Non vi è altra possibilità per saper prendersi cura di una persona dalla diagnosi al trattamento fino alla fine del suo percorso di analisi per la promozione della sua salute psicofisica.
Le improvvisazioni, le chiacchiere pseudo psicologiche le lascerei agli amici che si incontrano e si sentono più sensibili di altri ad ascoltare problemi (a parte, forse i propri). Bene.
La professione dello psicoterapeuta è altro.
Così come riguarda altro fare psicologia o counselling.
Cura di una persona, dal punto di vista mentale, è appannaggio esclusivo dello psicoterapeuta e dello psichiatra per la farmacologia.
Poi se quest' ultimi siano professionisti in grado di svolgere il loro mestiere con competenza, passione e umanità è altro affare, sebbene punto importante e dolente al contempo. Le persone devono stare bene.
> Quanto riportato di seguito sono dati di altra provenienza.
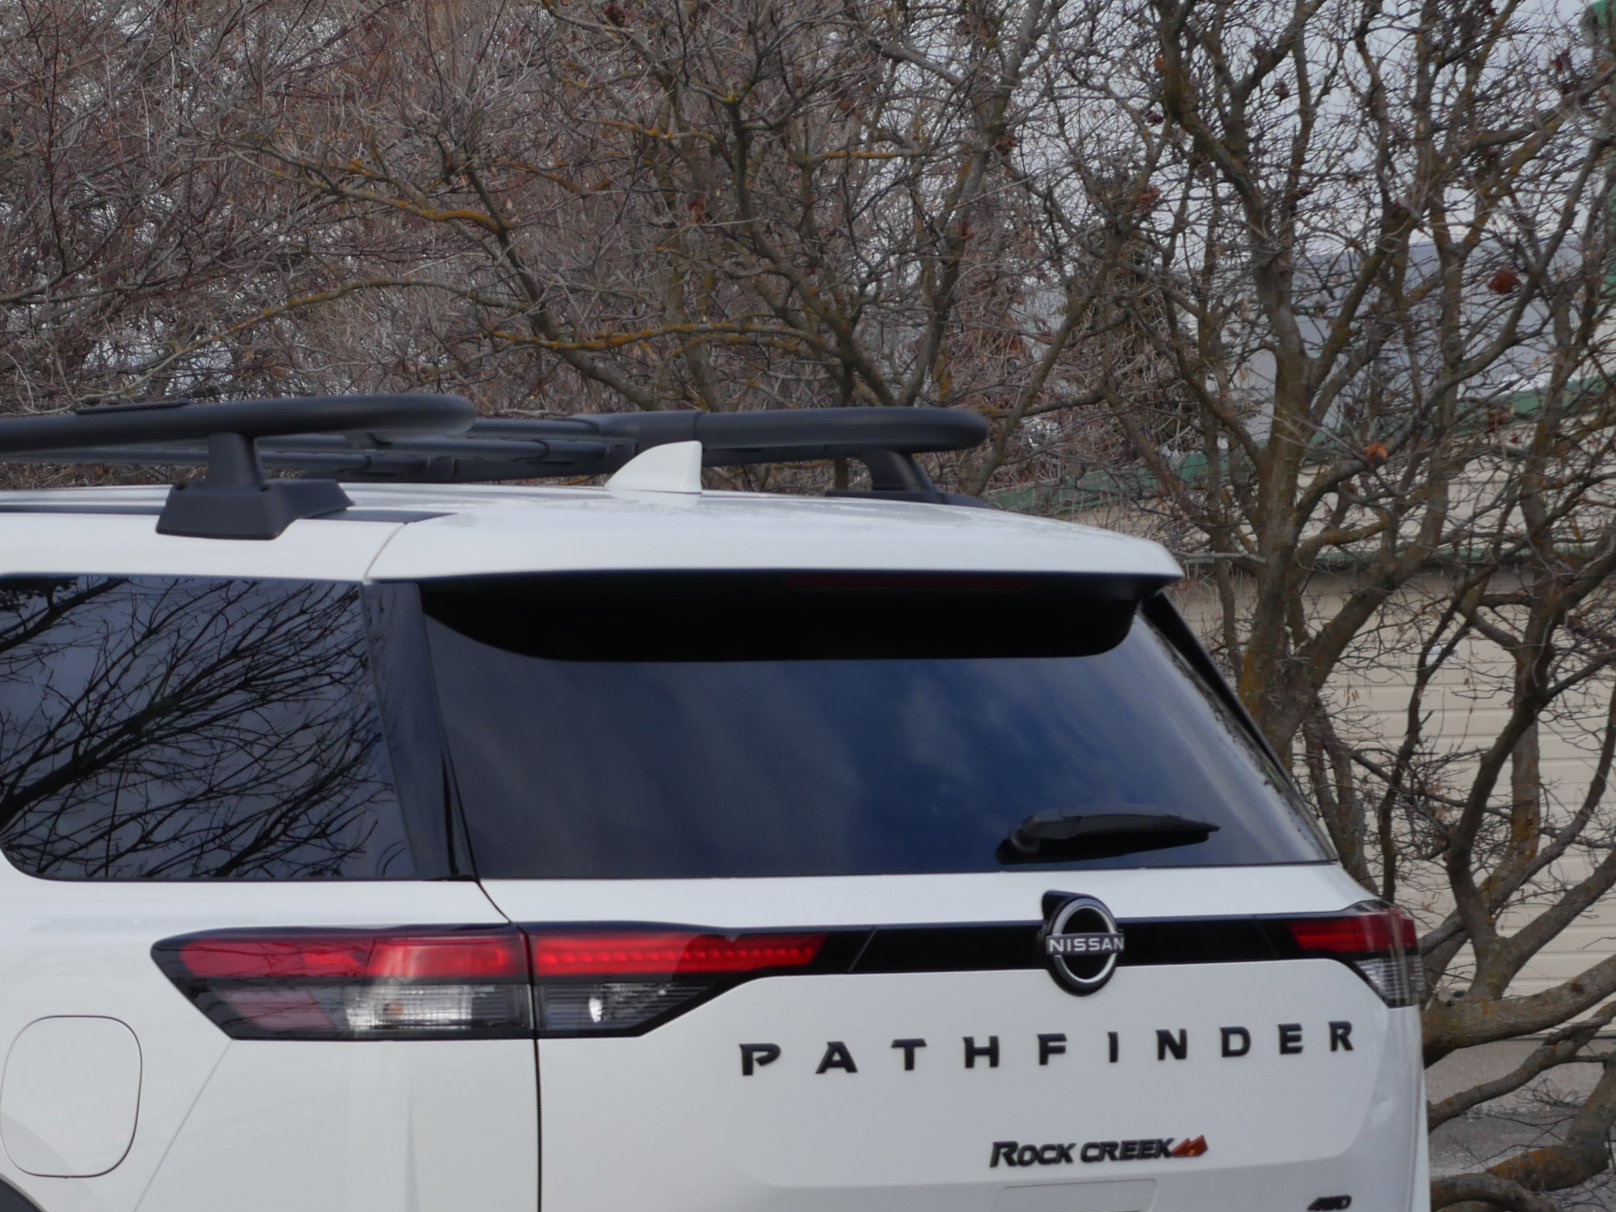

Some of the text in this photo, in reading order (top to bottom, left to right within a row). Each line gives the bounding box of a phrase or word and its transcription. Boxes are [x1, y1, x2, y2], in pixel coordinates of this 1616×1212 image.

[1048, 936, 1125, 953] NISSAN
[739, 1021, 1354, 1076] PATHFINDER
[989, 1138, 1175, 1168] ROCK CREEK
Soprattutto se intraprendono un percorso psicoterapeutico.
Cambiamento significa conoscenza e cura di se stessi ed è ciò che deve accadere in un processo analitico.
Il rigore lo metterei, come già scritto, nella formazione e nelle competenze che ognuno di noi deve acquisire come requisiti che ci definiscono idonei e abilitati all'esercizio della professione.
L'aspetto umano, l'empatia innata, la capacità di "stare in relazione con" le lascerei a caratteristiche che sono parte di quell'essere psicoterapeuta che è proprio lei/lui e non un altro.
Detto in altri termini ciò che discosta dalla media.
Ciò che fa della relazione paziente, coppia, gruppo, - terapeuta la differenza in termini qualitativi.
Penso che la promozione della salute e il futuro della nostra professione dipendono fortemente da questo connubio di conoscenze e presenza profonda, umana verso noi stessi, con noi stessi e la nostra vita privata e nella relazione nel mondo e il nostro relazionarci con i pazienti, ossia usando le parole, fossero pure solo frammenti o silenzi ancora più eloquenti, le attese e sospensioni ogni elemento che ci riguarda in quanto esseri umani capaci di comunicare pensieri e emozioni.
[...] Le parole a loro (i pazienti) necessarie sono quelle che riescano ad essere un ponte fra la soggettività di chi cura e quella di chi è curato; ricreando, così, la misteriosa alleanza terapeutica fra l'una e l'altra soggettività [...]
▬▬ Eugenio Borgna ▬▬
Riferimenti Bibliografici
Freud S., Opere 1915-1917, Bollati Boringhieri, Torino, 1989.
Galimberti U., Dizionario di psicologia, UTET, Torino, 1992.
Heidegger M., Essere è tempo, UTET, Torino, 1969.
Kundera M., L'identità, Adelphi, Milano, 1997.